Wiggio currently operates from the Cambridge studio/laboratory of Bob Doyle, a programming polymath and well-known Boston tech veteran who is the startup’s first angel investor. Doyle, currently the CEO of an open-source enterprise management software provider called skyBuilders.com, is a PhD astrophysicist who worked on the Skylab project for NASA and is probably most famous for co-inventing Merlin, a handheld electronic game released by Parker Brothers in 1978, and for developing MacPublisher, the first desktop publishing program, in 1984.
Lampert and Polivy connected with Doyle through Lampert’s father, Marc Lampert, owner of Pharmaceutics, a medical-supplies distributor in West Roxbury, MA, where Rob Doyle had done programming work. “My dad suggested I get in touch with Rob, who said it seemed really exciting and who wanted to be a partner,” says Lampert. “He then got his brother Derek as the second programmer.
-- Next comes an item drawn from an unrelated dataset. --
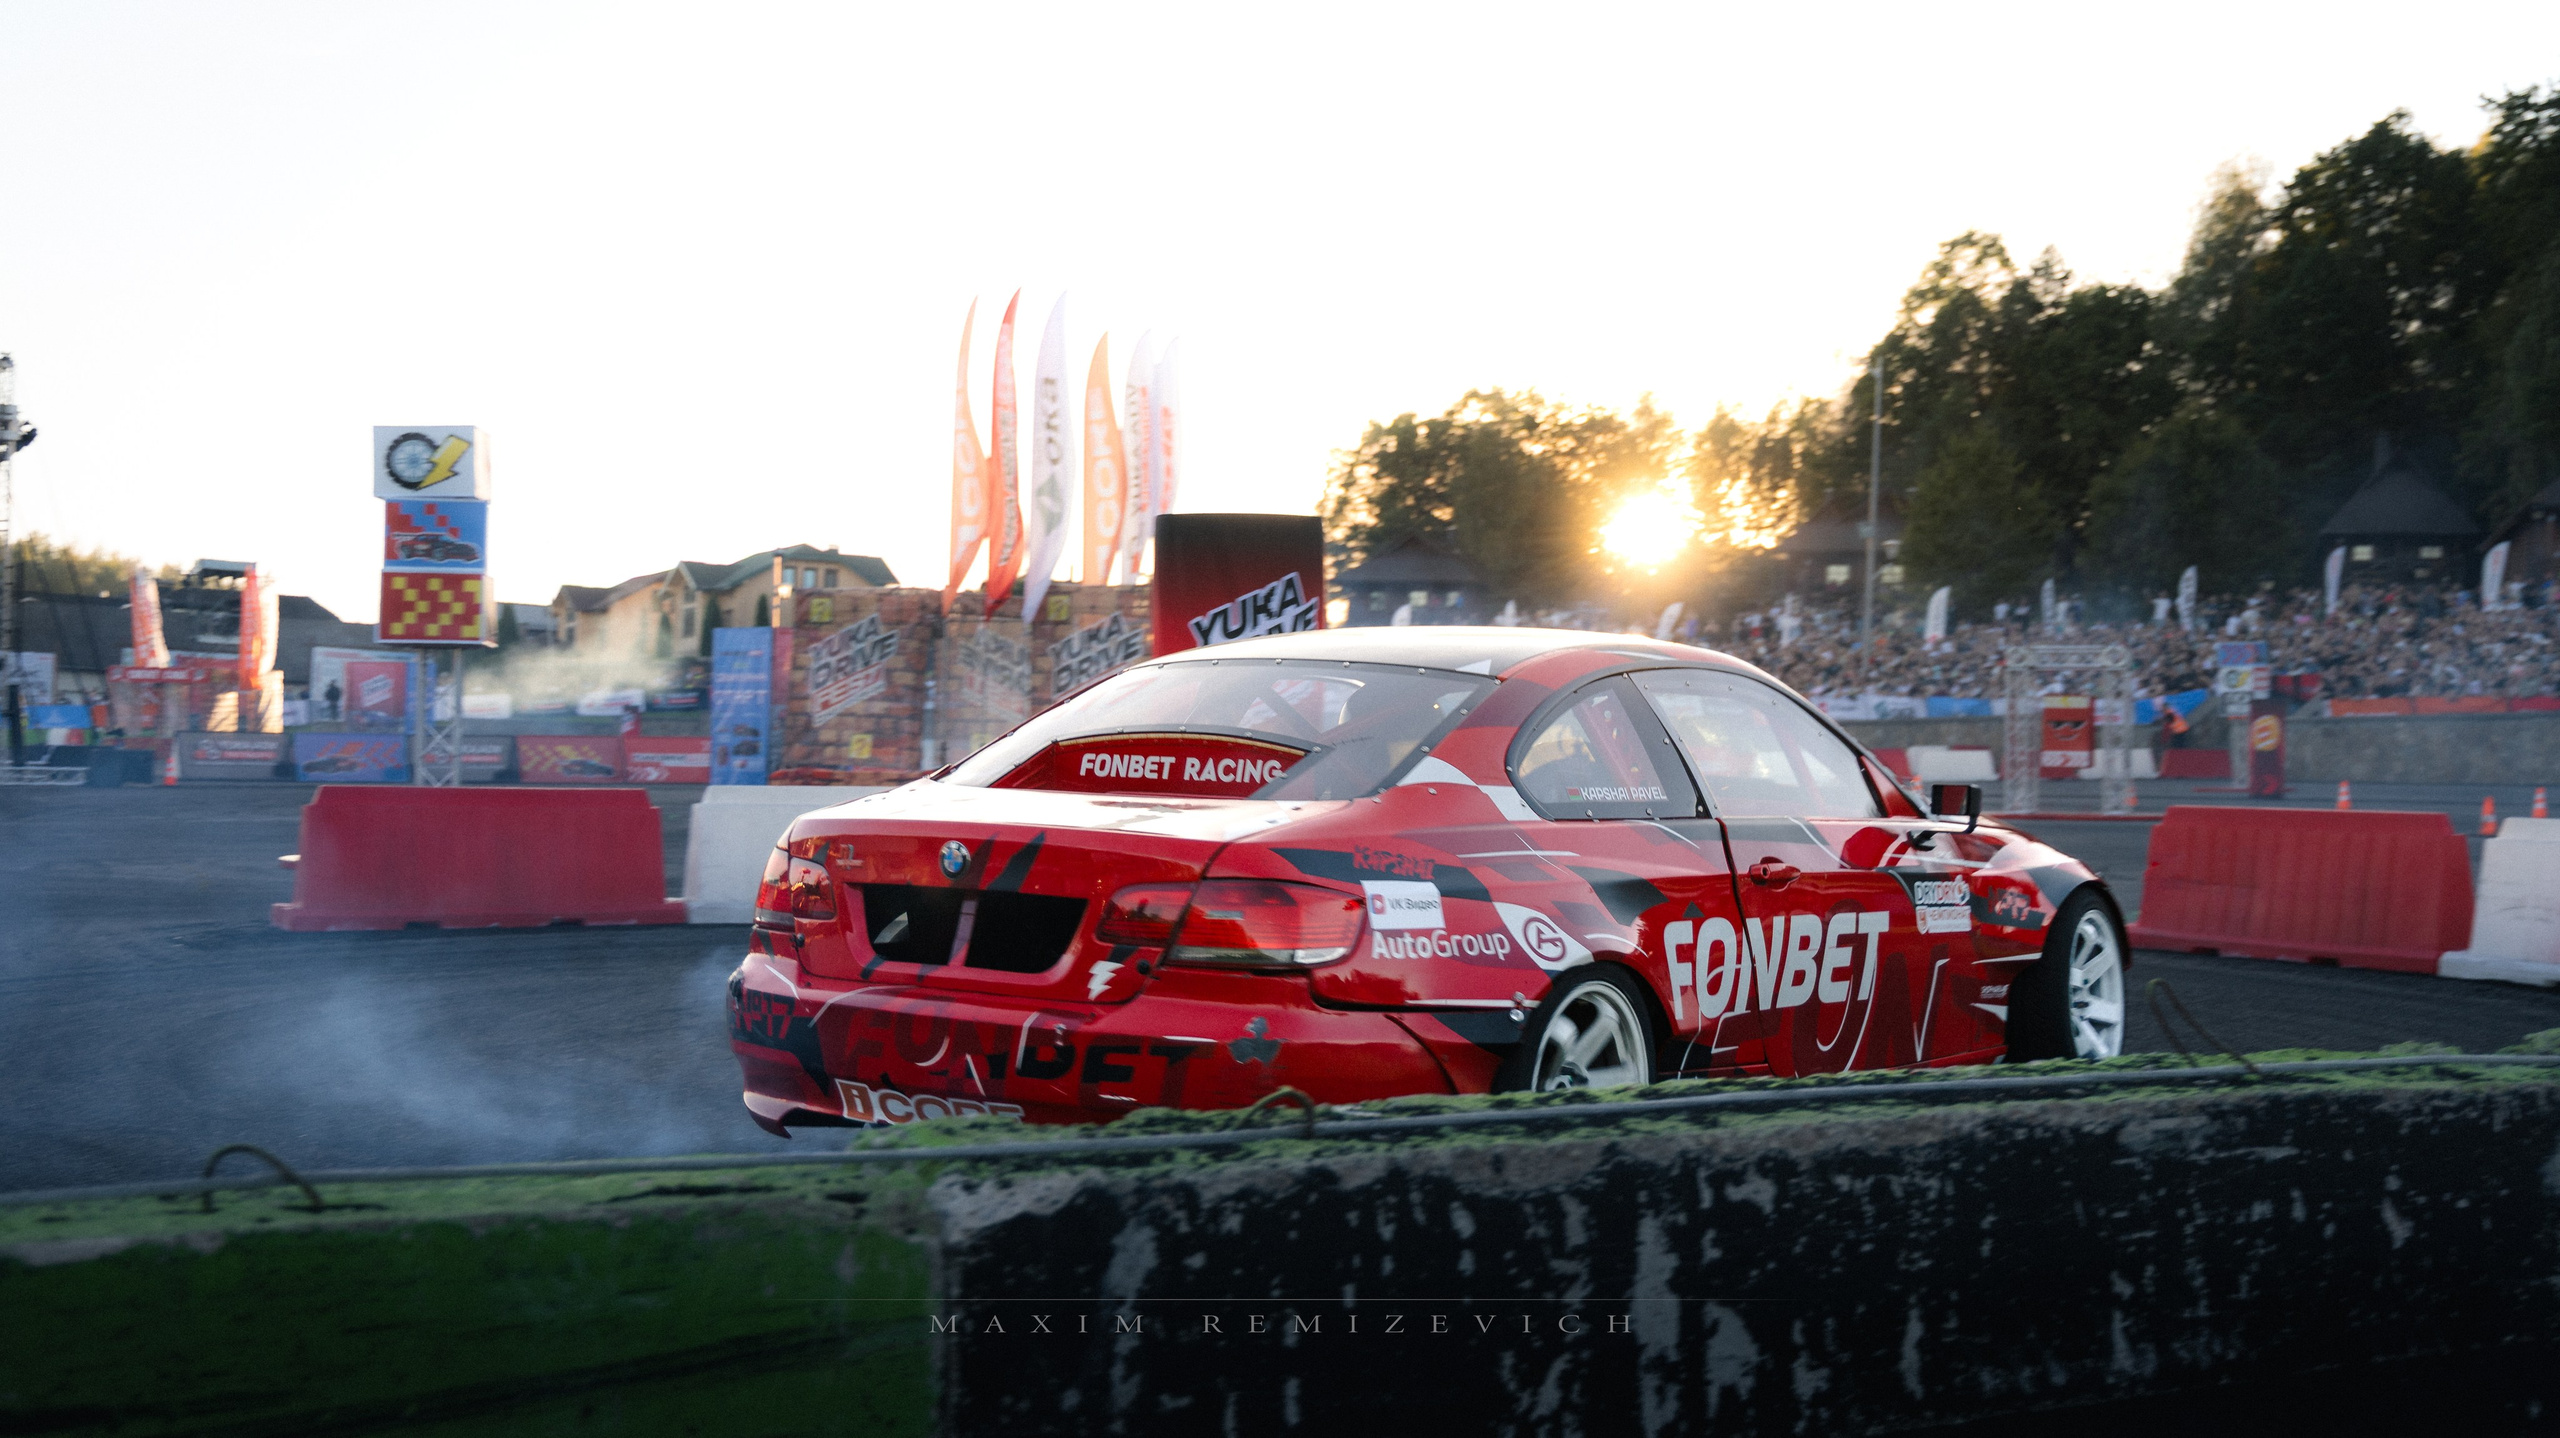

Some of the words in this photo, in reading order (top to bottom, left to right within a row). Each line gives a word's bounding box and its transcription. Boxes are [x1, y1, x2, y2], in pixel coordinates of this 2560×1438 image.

And their father is Bob Doyle,” who decided to invest.
The space in Doyle’s studio came as part of the equity agreement. And while it meant that Polivy and Lampert had to leave Ithaca, it gives Wiggio access to all of Boston’s campuses—and to the senior Doyle, whom Polivy calls “one of the smartest people I’ve ever been able to work with. One of my friends said, ‘I bet working in Bob’s office is a lot like going to grad school,’ and he’s right.”
That will have to do for now, since neither Polivy nor Lampert have any plans to pursue business school or other graduate studies—at least not until after Wiggio is well on its way to success. But that might happen quickly, if the site’s tools spread as virally as other campus-based technology phenomena such as Facebook. “The coolest part of this is that we’re building something that we know we needed ourselves as college students,” says Lampert. “And we know that our friends at Cornell still need it. And from reaching out to peers at other schools, we know they need it too.”